◆ Task description: Go through the data below and retype all of it exactly.

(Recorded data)
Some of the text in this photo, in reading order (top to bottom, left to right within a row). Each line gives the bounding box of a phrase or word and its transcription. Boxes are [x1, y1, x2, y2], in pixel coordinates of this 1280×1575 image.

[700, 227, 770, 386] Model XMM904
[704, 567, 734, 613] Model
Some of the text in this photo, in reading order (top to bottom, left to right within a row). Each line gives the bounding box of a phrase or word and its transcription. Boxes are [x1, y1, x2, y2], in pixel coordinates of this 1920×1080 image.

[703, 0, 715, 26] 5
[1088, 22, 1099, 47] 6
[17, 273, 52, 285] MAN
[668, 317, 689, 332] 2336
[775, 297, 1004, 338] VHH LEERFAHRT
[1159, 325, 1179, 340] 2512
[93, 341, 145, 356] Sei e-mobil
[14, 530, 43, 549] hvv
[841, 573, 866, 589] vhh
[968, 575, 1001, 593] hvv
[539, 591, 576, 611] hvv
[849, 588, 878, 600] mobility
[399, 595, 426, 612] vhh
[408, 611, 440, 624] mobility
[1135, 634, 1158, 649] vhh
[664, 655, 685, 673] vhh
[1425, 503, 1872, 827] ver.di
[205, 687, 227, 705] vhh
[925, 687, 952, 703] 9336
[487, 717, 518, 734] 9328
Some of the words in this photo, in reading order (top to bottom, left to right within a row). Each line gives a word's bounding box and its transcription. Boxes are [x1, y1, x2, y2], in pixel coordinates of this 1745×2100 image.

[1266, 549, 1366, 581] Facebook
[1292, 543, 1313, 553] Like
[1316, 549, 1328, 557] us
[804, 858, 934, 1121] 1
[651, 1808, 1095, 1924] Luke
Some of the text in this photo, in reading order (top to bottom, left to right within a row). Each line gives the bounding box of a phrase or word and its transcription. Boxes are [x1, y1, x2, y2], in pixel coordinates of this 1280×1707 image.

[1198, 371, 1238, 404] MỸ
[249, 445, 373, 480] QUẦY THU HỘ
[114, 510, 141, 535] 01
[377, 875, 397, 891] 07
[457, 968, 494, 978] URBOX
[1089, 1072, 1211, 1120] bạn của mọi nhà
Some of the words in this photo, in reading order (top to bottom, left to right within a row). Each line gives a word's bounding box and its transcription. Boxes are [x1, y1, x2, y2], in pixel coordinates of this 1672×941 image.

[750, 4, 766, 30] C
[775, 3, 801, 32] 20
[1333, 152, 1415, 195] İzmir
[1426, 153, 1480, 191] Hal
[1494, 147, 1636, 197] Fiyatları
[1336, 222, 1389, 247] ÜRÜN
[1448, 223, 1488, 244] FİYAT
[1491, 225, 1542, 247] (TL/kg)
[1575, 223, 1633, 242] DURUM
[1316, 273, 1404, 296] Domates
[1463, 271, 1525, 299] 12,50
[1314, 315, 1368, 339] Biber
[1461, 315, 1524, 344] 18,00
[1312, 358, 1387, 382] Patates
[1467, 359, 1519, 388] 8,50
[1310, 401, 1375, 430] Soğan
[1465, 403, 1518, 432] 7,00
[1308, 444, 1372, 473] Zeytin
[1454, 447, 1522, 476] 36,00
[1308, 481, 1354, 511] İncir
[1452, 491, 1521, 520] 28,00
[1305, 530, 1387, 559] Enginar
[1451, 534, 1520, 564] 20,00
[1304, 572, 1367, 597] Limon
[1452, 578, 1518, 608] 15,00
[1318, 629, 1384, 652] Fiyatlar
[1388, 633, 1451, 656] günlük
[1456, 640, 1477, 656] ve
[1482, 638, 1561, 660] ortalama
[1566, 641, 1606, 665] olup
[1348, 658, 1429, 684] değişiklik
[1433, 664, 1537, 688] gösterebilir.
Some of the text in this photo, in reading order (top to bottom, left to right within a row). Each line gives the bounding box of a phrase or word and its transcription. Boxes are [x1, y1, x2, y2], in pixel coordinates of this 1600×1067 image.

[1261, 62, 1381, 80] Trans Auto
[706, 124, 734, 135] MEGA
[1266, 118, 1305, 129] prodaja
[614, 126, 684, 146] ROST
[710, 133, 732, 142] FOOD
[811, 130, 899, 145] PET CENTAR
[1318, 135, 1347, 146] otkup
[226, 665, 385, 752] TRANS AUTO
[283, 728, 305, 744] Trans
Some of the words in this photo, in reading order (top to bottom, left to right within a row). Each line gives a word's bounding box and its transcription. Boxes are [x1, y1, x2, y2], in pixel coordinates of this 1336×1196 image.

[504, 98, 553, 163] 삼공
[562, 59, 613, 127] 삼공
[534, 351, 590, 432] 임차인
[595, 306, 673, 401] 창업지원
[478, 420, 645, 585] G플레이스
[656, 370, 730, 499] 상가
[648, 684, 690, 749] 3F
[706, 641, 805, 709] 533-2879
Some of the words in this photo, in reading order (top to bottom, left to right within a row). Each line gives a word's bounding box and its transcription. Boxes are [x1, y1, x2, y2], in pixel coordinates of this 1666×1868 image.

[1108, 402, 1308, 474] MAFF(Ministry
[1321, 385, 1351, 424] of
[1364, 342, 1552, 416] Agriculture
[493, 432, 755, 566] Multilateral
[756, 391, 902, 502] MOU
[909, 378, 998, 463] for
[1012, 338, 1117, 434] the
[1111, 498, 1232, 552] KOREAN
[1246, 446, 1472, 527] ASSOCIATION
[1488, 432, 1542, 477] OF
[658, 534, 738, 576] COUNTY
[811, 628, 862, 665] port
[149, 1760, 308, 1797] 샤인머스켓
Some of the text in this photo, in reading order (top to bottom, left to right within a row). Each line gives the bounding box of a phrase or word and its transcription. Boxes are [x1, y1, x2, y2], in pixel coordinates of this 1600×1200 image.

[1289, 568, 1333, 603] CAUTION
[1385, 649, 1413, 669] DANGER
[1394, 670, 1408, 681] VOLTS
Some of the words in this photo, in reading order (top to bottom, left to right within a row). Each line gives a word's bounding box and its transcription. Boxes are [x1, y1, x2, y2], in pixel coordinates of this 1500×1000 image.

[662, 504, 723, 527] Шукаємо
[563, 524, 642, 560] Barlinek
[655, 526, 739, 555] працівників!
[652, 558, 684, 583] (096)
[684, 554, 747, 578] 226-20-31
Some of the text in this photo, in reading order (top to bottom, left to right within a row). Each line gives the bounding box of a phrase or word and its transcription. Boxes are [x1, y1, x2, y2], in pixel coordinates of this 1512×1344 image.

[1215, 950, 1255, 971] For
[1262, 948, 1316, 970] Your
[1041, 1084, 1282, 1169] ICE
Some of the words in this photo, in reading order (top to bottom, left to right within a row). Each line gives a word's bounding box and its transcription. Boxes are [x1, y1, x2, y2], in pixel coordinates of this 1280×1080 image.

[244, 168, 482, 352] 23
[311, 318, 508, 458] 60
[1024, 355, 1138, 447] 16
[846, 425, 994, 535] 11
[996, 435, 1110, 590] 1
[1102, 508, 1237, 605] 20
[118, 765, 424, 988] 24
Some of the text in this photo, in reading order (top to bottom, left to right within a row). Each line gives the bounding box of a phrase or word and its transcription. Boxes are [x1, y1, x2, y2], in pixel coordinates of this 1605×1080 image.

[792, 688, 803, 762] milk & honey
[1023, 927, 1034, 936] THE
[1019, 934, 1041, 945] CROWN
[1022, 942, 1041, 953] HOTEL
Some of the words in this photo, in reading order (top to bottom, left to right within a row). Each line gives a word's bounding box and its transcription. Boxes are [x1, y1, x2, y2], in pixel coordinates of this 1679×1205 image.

◆ Task answer:
Some of the text in this photo, in reading order (top to bottom, left to right within a row). Each line gives the bounding box of a phrase or word and its transcription. Boxes are [x1, y1, x2, y2], in pixel coordinates of this 1280×1575 image.

[700, 227, 770, 386] Model XMM904
[704, 567, 734, 613] Model
Some of the text in this photo, in reading order (top to bottom, left to right within a row). Each line gives the bounding box of a phrase or word and its transcription. Boxes are [x1, y1, x2, y2], in pixel coordinates of this 1920×1080 image.

[703, 0, 715, 26] 5
[1088, 22, 1099, 47] 6
[17, 273, 52, 285] MAN
[668, 317, 689, 332] 2336
[775, 297, 1004, 338] VHH LEERFAHRT
[1159, 325, 1179, 340] 2512
[93, 341, 145, 356] Sei e-mobil
[14, 530, 43, 549] hvv
[841, 573, 866, 589] vhh
[968, 575, 1001, 593] hvv
[539, 591, 576, 611] hvv
[849, 588, 878, 600] mobility
[399, 595, 426, 612] vhh
[408, 611, 440, 624] mobility
[1135, 634, 1158, 649] vhh
[664, 655, 685, 673] vhh
[1425, 503, 1872, 827] ver.di
[205, 687, 227, 705] vhh
[925, 687, 952, 703] 9336
[487, 717, 518, 734] 9328
Some of the words in this photo, in reading order (top to bottom, left to right within a row). Each line gives a word's bounding box and its transcription. Boxes are [x1, y1, x2, y2], in pixel coordinates of this 1745×2100 image.

[1266, 549, 1366, 581] Facebook
[1292, 543, 1313, 553] Like
[1316, 549, 1328, 557] us
[804, 858, 934, 1121] 1
[651, 1808, 1095, 1924] Luke
Some of the text in this photo, in reading order (top to bottom, left to right within a row). Each line gives the bounding box of a phrase or word and its transcription. Boxes are [x1, y1, x2, y2], in pixel coordinates of this 1280×1707 image.

[1198, 371, 1238, 404] MỸ
[249, 445, 373, 480] QUẦY THU HỘ
[114, 510, 141, 535] 01
[377, 875, 397, 891] 07
[457, 968, 494, 978] URBOX
[1089, 1072, 1211, 1120] bạn của mọi nhà
Some of the words in this photo, in reading order (top to bottom, left to right within a row). Each line gives a word's bounding box and its transcription. Boxes are [x1, y1, x2, y2], in pixel coordinates of this 1672×941 image.

[750, 4, 766, 30] C
[775, 3, 801, 32] 20
[1333, 152, 1415, 195] İzmir
[1426, 153, 1480, 191] Hal
[1494, 147, 1636, 197] Fiyatları
[1336, 222, 1389, 247] ÜRÜN
[1448, 223, 1488, 244] FİYAT
[1491, 225, 1542, 247] (TL/kg)
[1575, 223, 1633, 242] DURUM
[1316, 273, 1404, 296] Domates
[1463, 271, 1525, 299] 12,50
[1314, 315, 1368, 339] Biber
[1461, 315, 1524, 344] 18,00
[1312, 358, 1387, 382] Patates
[1467, 359, 1519, 388] 8,50
[1310, 401, 1375, 430] Soğan
[1465, 403, 1518, 432] 7,00
[1308, 444, 1372, 473] Zeytin
[1454, 447, 1522, 476] 36,00
[1308, 481, 1354, 511] İncir
[1452, 491, 1521, 520] 28,00
[1305, 530, 1387, 559] Enginar
[1451, 534, 1520, 564] 20,00
[1304, 572, 1367, 597] Limon
[1452, 578, 1518, 608] 15,00
[1318, 629, 1384, 652] Fiyatlar
[1388, 633, 1451, 656] günlük
[1456, 640, 1477, 656] ve
[1482, 638, 1561, 660] ortalama
[1566, 641, 1606, 665] olup
[1348, 658, 1429, 684] değişiklik
[1433, 664, 1537, 688] gösterebilir.
Some of the text in this photo, in reading order (top to bottom, left to right within a row). Each line gives the bounding box of a phrase or word and its transcription. Boxes are [x1, y1, x2, y2], in pixel coordinates of this 1600×1067 image.

[1261, 62, 1381, 80] Trans Auto
[706, 124, 734, 135] MEGA
[1266, 118, 1305, 129] prodaja
[614, 126, 684, 146] ROST
[710, 133, 732, 142] FOOD
[811, 130, 899, 145] PET CENTAR
[1318, 135, 1347, 146] otkup
[226, 665, 385, 752] TRANS AUTO
[283, 728, 305, 744] Trans
Some of the words in this photo, in reading order (top to bottom, left to right within a row). Each line gives a word's bounding box and its transcription. Boxes are [x1, y1, x2, y2], in pixel coordinates of this 1336×1196 image.

[504, 98, 553, 163] 삼공
[562, 59, 613, 127] 삼공
[534, 351, 590, 432] 임차인
[595, 306, 673, 401] 창업지원
[478, 420, 645, 585] G플레이스
[656, 370, 730, 499] 상가
[648, 684, 690, 749] 3F
[706, 641, 805, 709] 533-2879
Some of the words in this photo, in reading order (top to bottom, left to right within a row). Each line gives a word's bounding box and its transcription. Boxes are [x1, y1, x2, y2], in pixel coordinates of this 1666×1868 image.

[1108, 402, 1308, 474] MAFF(Ministry
[1321, 385, 1351, 424] of
[1364, 342, 1552, 416] Agriculture
[493, 432, 755, 566] Multilateral
[756, 391, 902, 502] MOU
[909, 378, 998, 463] for
[1012, 338, 1117, 434] the
[1111, 498, 1232, 552] KOREAN
[1246, 446, 1472, 527] ASSOCIATION
[1488, 432, 1542, 477] OF
[658, 534, 738, 576] COUNTY
[811, 628, 862, 665] port
[149, 1760, 308, 1797] 샤인머스켓
Some of the text in this photo, in reading order (top to bottom, left to right within a row). Each line gives the bounding box of a phrase or word and its transcription. Boxes are [x1, y1, x2, y2], in pixel coordinates of this 1600×1200 image.

[1289, 568, 1333, 603] CAUTION
[1385, 649, 1413, 669] DANGER
[1394, 670, 1408, 681] VOLTS
Some of the words in this photo, in reading order (top to bottom, left to right within a row). Each line gives a word's bounding box and its transcription. Boxes are [x1, y1, x2, y2], in pixel coordinates of this 1500×1000 image.

[662, 504, 723, 527] Шукаємо
[563, 524, 642, 560] Barlinek
[655, 526, 739, 555] працівників!
[652, 558, 684, 583] (096)
[684, 554, 747, 578] 226-20-31
Some of the text in this photo, in reading order (top to bottom, left to right within a row). Each line gives the bounding box of a phrase or word and its transcription. Boxes are [x1, y1, x2, y2], in pixel coordinates of this 1512×1344 image.

[1215, 950, 1255, 971] For
[1262, 948, 1316, 970] Your
[1041, 1084, 1282, 1169] ICE
Some of the words in this photo, in reading order (top to bottom, left to right within a row). Each line gives a word's bounding box and its transcription. Boxes are [x1, y1, x2, y2], in pixel coordinates of this 1280×1080 image.

[244, 168, 482, 352] 23
[311, 318, 508, 458] 60
[1024, 355, 1138, 447] 16
[846, 425, 994, 535] 11
[996, 435, 1110, 590] 1
[1102, 508, 1237, 605] 20
[118, 765, 424, 988] 24
Some of the text in this photo, in reading order (top to bottom, left to right within a row). Each line gives the bounding box of a phrase or word and its transcription. Boxes are [x1, y1, x2, y2], in pixel coordinates of this 1605×1080 image.

[792, 688, 803, 762] milk & honey
[1023, 927, 1034, 936] THE
[1019, 934, 1041, 945] CROWN
[1022, 942, 1041, 953] HOTEL
Some of the words in this photo, in reading order (top to bottom, left to right within a row). Each line gives a word's bounding box and its transcription. Boxes are [x1, y1, x2, y2], in pixel coordinates of this 1679×1205 image.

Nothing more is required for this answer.